Второй тур свел меня с Ириной Крюковой, единственной дамой в турнире. И с ней я прежде играл трижды, две ничьи и проигрыш.
Включаем? Включаем. Играем? Играем.
На двадцать третьем ходу Ирина предложила ничью. Я четко сказал «нет» и двинул пешечку, выигрывая слона. На тридцатом, в виду неизбежного мата, Ирина, не подписав бланка, убежала из зала.
Незадача. Сидеть и ждать сорок минут, пока не упадет флажок, не хотелось. Судья, почтенный Николай Васильевич, только развел руками, мол, Ирина в своем праве, ей, может, стало плохо. И вообще, к девушкам следует быть снисходительнее.
Я стал кружить по залу. Визуализация шахматной мысли работала отменно. Призрачная картинка показывала: вот здесь мат в пять ходов, там – комбинация с выигрышем ферзя, третья – черным плохо, но есть возможность объявить вечный шах. Похоже, я мог бы дать сеанс всем участникам турнира.

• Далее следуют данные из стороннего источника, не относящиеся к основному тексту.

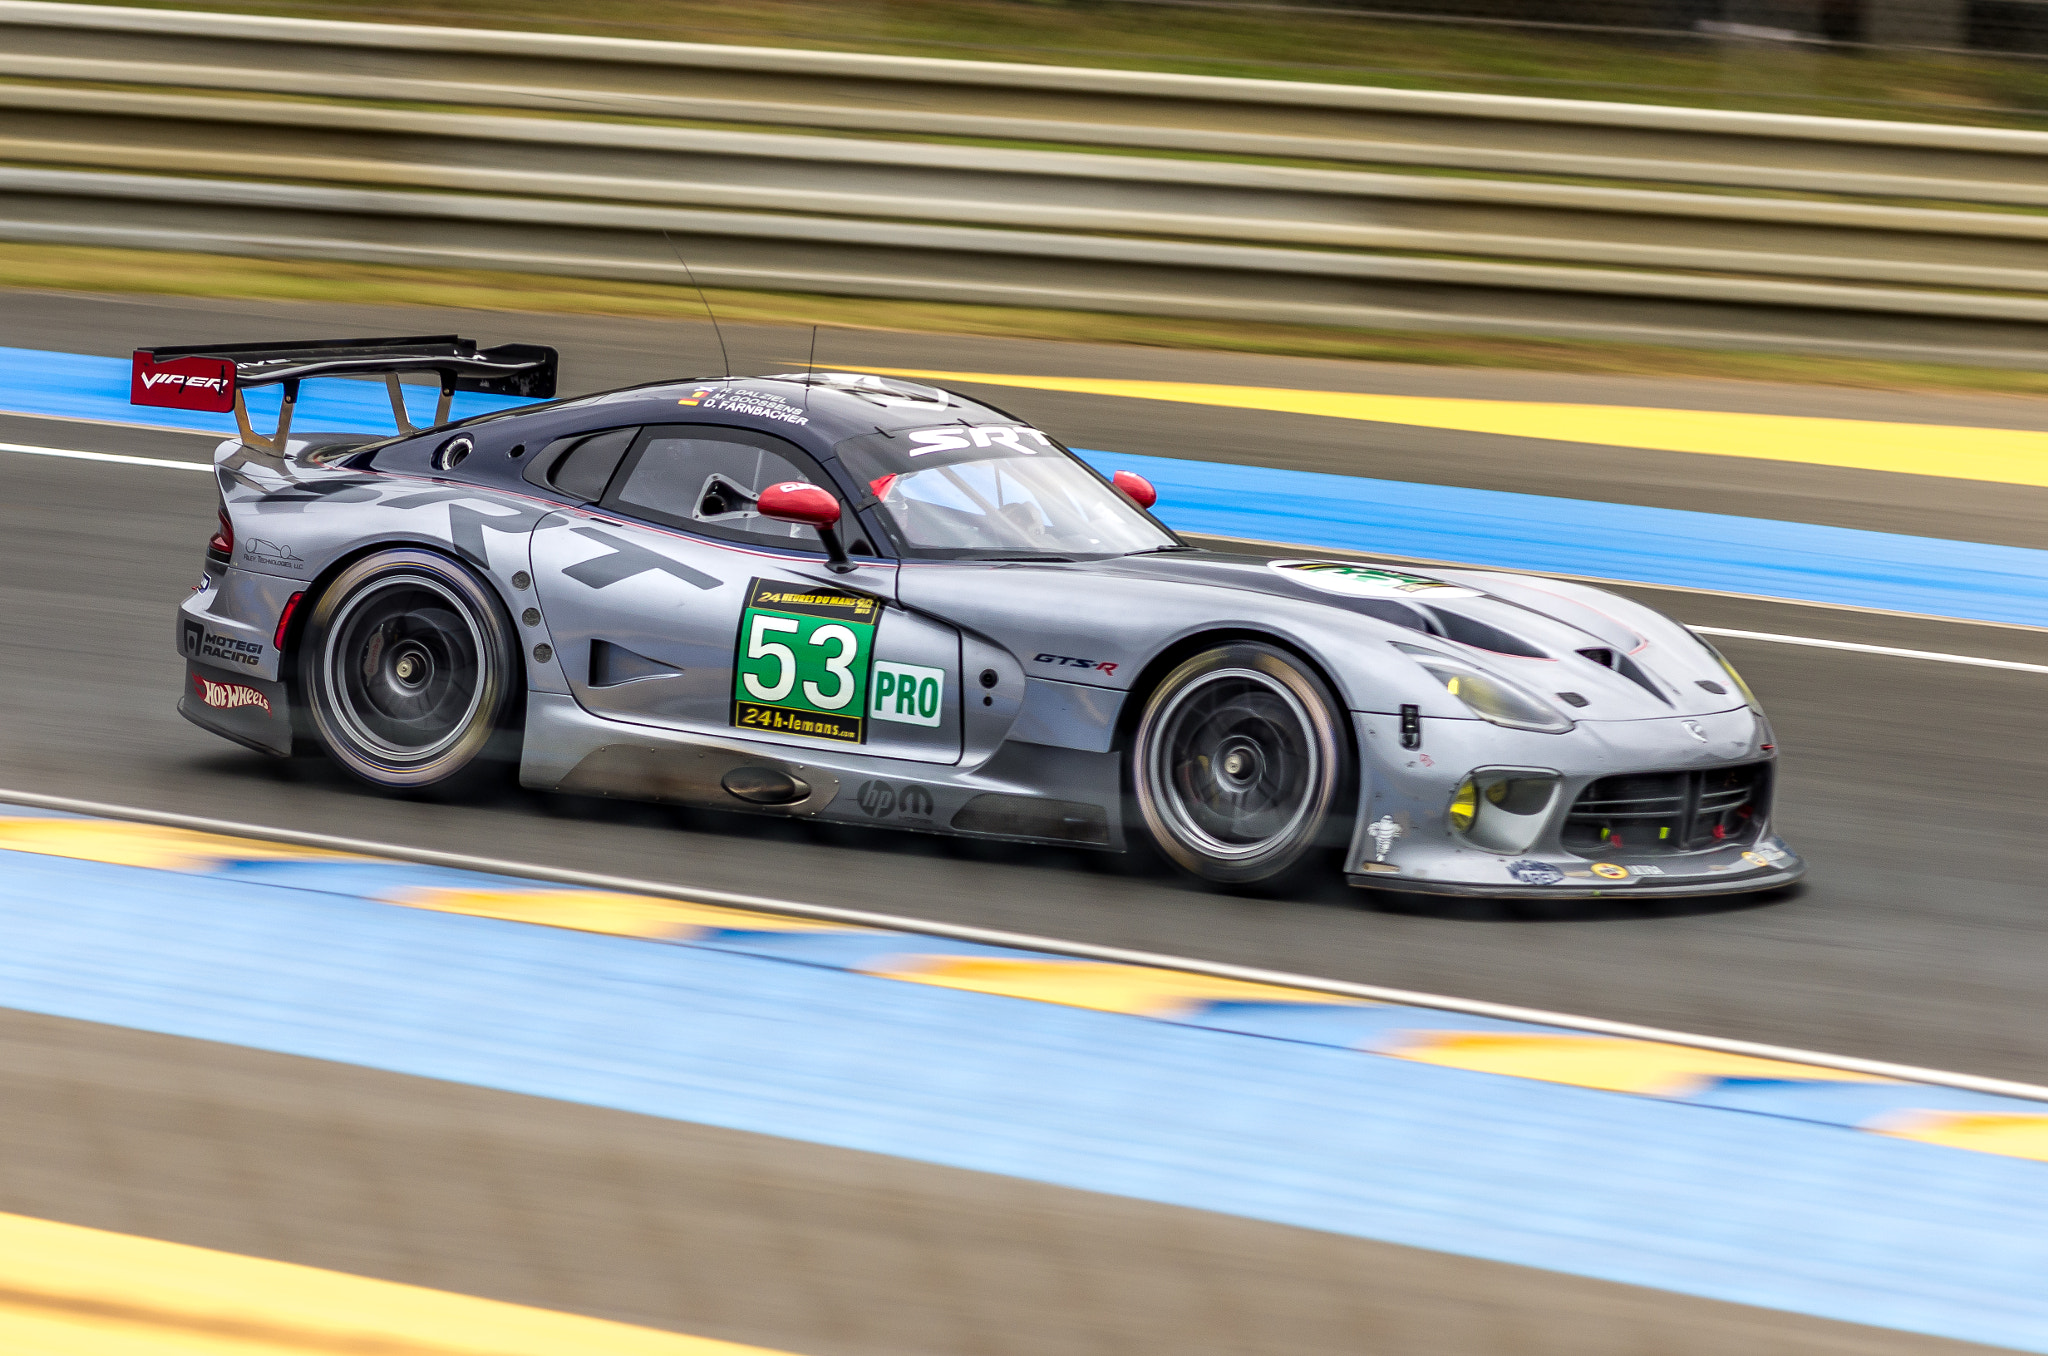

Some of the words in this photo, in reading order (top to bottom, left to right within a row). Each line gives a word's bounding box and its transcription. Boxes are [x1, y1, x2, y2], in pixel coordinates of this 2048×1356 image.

[141, 371, 228, 394] VIPER
[712, 393, 726, 401] M.
[729, 395, 803, 416] GOOSSENS
[735, 389, 788, 404] DALZIEL
[703, 399, 716, 409] D.
[718, 401, 809, 426] FARNBACHER
[908, 426, 1051, 458] SRT
[757, 591, 781, 603] 24
[781, 593, 815, 603] HEURES
[815, 595, 830, 604] DU
[830, 596, 856, 606] MANS
[202, 644, 260, 666] RACING
[204, 633, 263, 655] MOTEGI
[742, 613, 859, 711] 53
[1033, 653, 1119, 677] GTS-R
[874, 671, 939, 719] PRO
[861, 780, 893, 817] hp
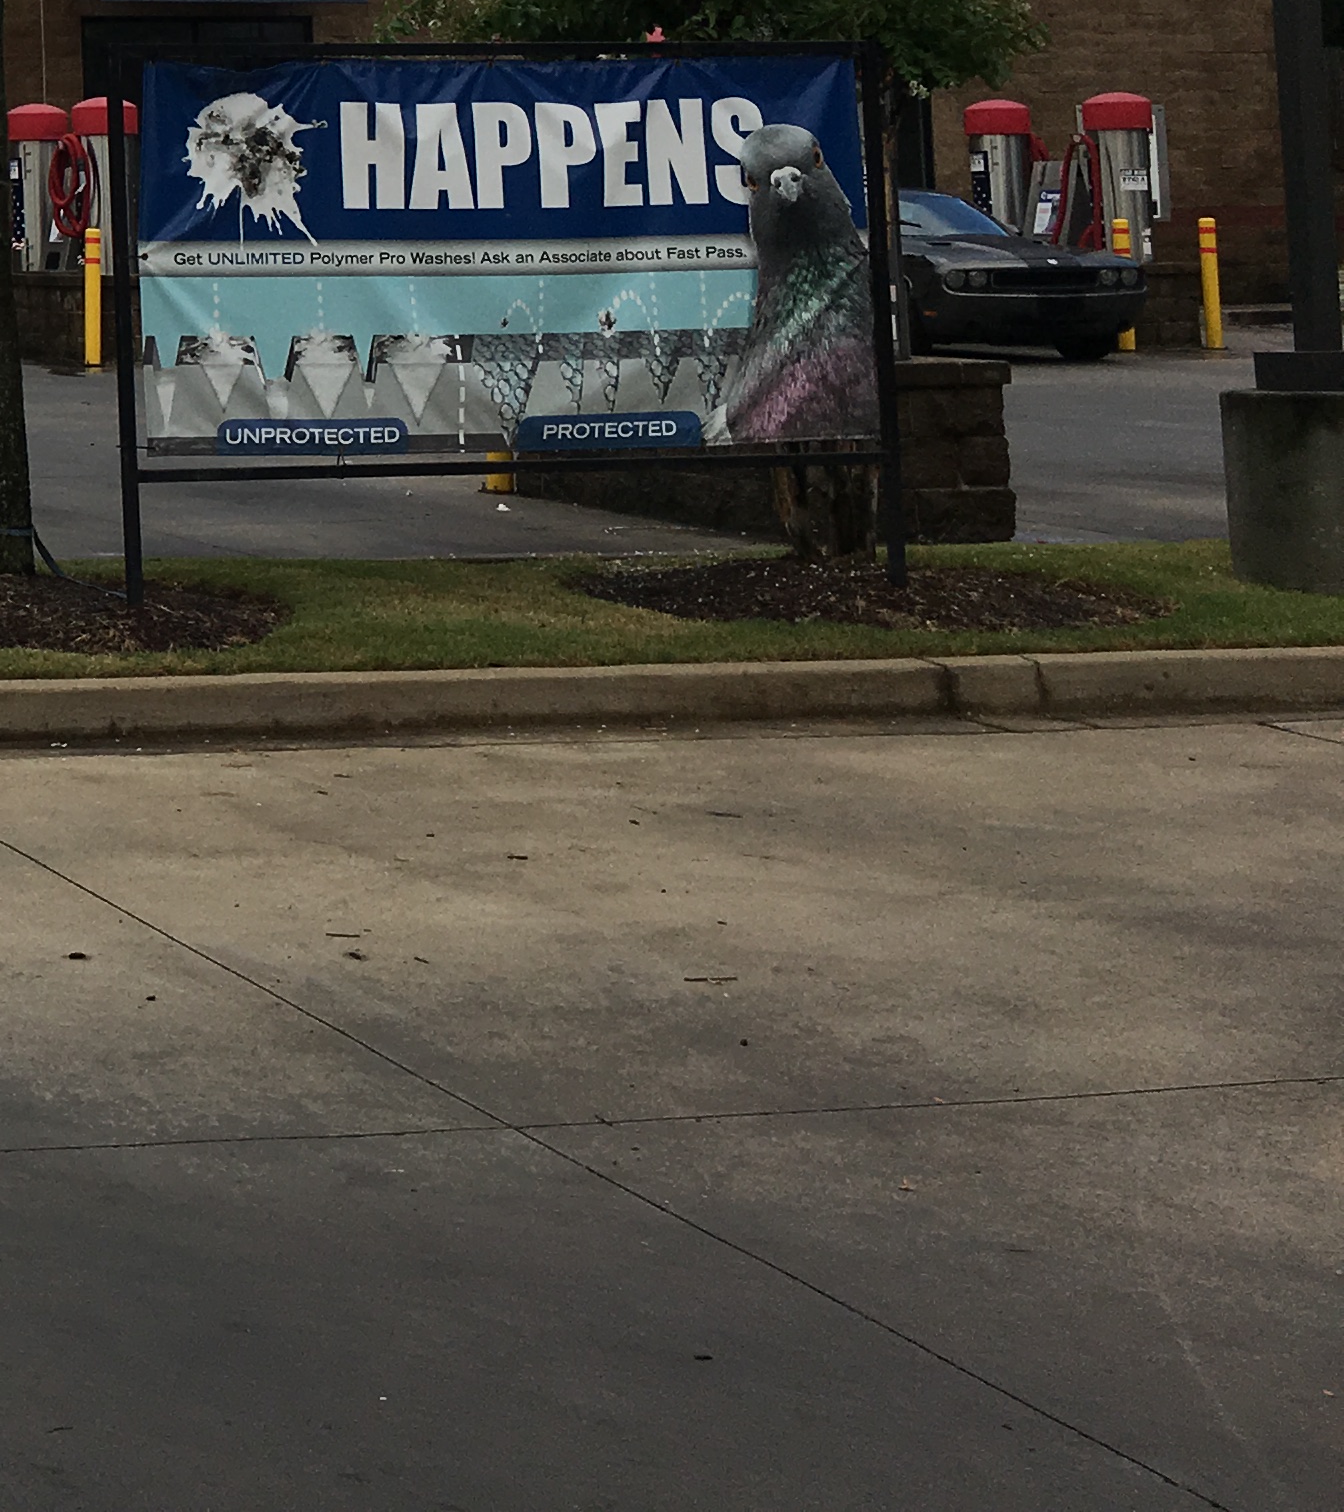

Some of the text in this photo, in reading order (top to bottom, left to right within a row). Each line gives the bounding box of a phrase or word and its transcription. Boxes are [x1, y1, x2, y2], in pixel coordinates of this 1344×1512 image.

[340, 97, 763, 209] HAPPENS
[173, 245, 747, 267] Get UNLIMITED Polymer Pro Washes! Ask an Associate about Fast Pass.
[225, 426, 400, 445] UNPROTECTED
[542, 420, 677, 440] PROTECTED

– Обидел девушку, – сказал мне Антон.
– Это чем же?
– Она на кандидатский балл рассчитывала. С девушками бы давно кандидатом стала.
– Так пусть у девушек и побеждает.
– Да она и побеждает, только у нас перворазрядниц мало, как выполнить норму?

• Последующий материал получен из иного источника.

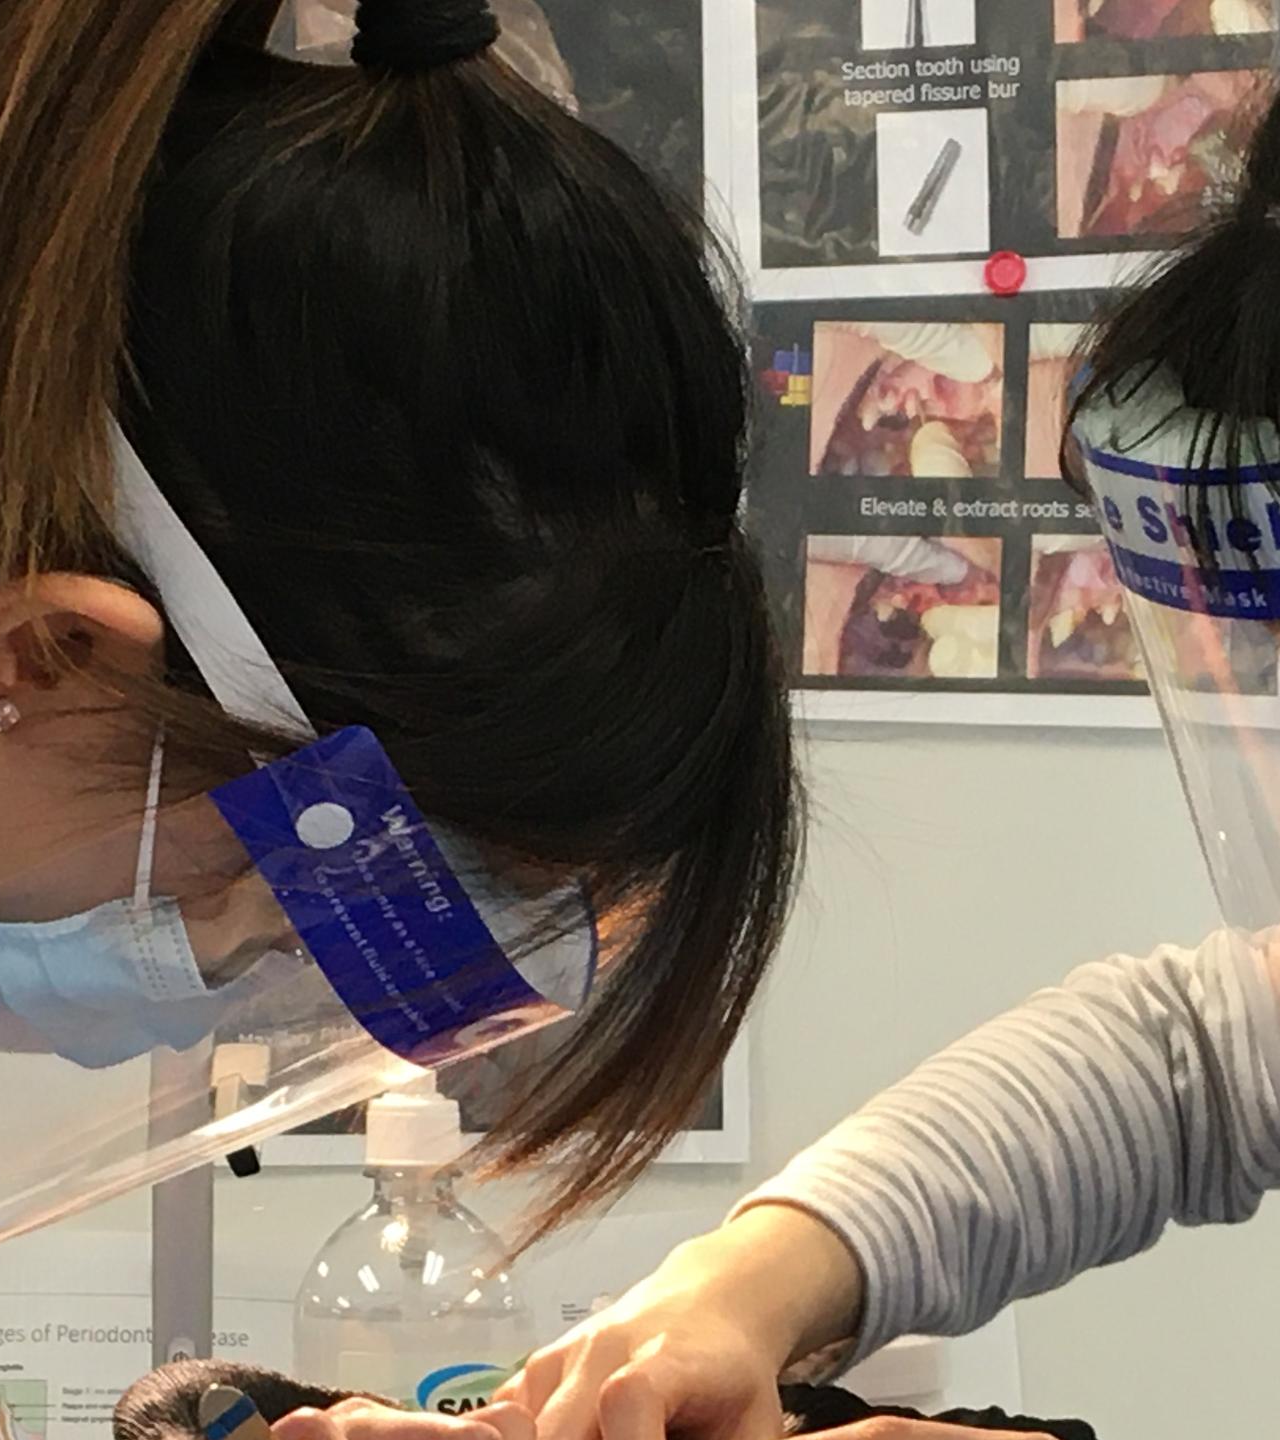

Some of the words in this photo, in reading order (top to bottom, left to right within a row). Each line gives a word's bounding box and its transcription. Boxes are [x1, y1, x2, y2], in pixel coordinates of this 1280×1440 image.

[841, 62, 910, 80] Section
[915, 57, 964, 76] tooth
[971, 54, 1021, 76] using
[844, 84, 915, 107] tapered
[921, 83, 981, 102] fissure
[988, 80, 1020, 98] bur
[860, 498, 927, 516] Elevate
[932, 498, 947, 516] &
[953, 500, 1018, 518] extract
[1022, 501, 1069, 518] roots
[380, 803, 453, 923] Warning:
[30, 1323, 51, 1343] of

– И потому мужчины поддаются?
– Ну, не то, чтобы совсем поддаются, но…
– Нет уж. Мне кандидатский балл и самому пригодится.
– Тебе?
– Мне.
– Что ж, если так, – Антон с сомнением посмотрел на меня.
Флажок, наконец, упал, и я заработал полноценную единичку.
Перед игрой я был настроен уехать в Сосновку, но сейчас передумал. Фигушки. Если Анна мечтает стать хозяйкой, пусть постарается, а я капитулировать не буду. Купил в главном городском гастрономе, «Утюжке», всяческой студенческой еды – плавленых сырков, яиц куриных диетических, варёной колбасы, кабачковой икры, каш и супов в пакетиках, и пошёл в городскую квартиру. Заполнил холодильник и стал думать, кого бы пригласить в гости. Получалось – никого. Лизавета ещё весной вместе с родителями уехала в Киев навек, да и не такие у нас с ней отношения, чтобы звать в гости на ночь глядя. Вернее, не такие у нас были отношения, а сейчас никаких отношений нет. Друзья же, кого хотелось бы позвать, тоже далеко. А те, кто близко, и не друзья вовсе, а так, приятели. До первой неприятности.
И ладно.
На танцы пойти? Ага, сейчас. На пролетарские танцы ходить нужно взводом. Иначе съедят.
Включил телевизор и стал смотреть программу «Время». Британские портовики бастуют, отстаивая права трудящихся. Американская военщина нагнетает обстановку. Весь мир аплодирует советскому искусству. Спортсмены готовятся к олимпиаде. Переменная облачность, местами дождь.
На дожде я заснул. И проснулся заполночь от дождя настоящего. Закрыл окно, выключил злобно шипящий телевизор, посмотрел газеты. Уже вчерашние. Отчет о пятой партии матча. Стал смотреть – в уме, без доски. На двадцать седьмом ходу Спасский ошибся, и очень грубо ошибся. Пришлось сдаться. Что ж, теперь Фишер догнал чемпиона.
Странное у меня сумасшествие, а, впрочем, с чем мне сравнивать? И вообще… Ты говоришь, что слышишь музыку? Доктор и тебя вылечит. Даст таблеточек, поможет электрошоком, инсулиновыми комами, и – никакой музыки. Иди, Бетховен, в свекловоды.
Я-то не Бетховен. Я Чижик. И собираюсь стать доктором. Доктор не свекловод, но в семь раз лучше голосов в голове.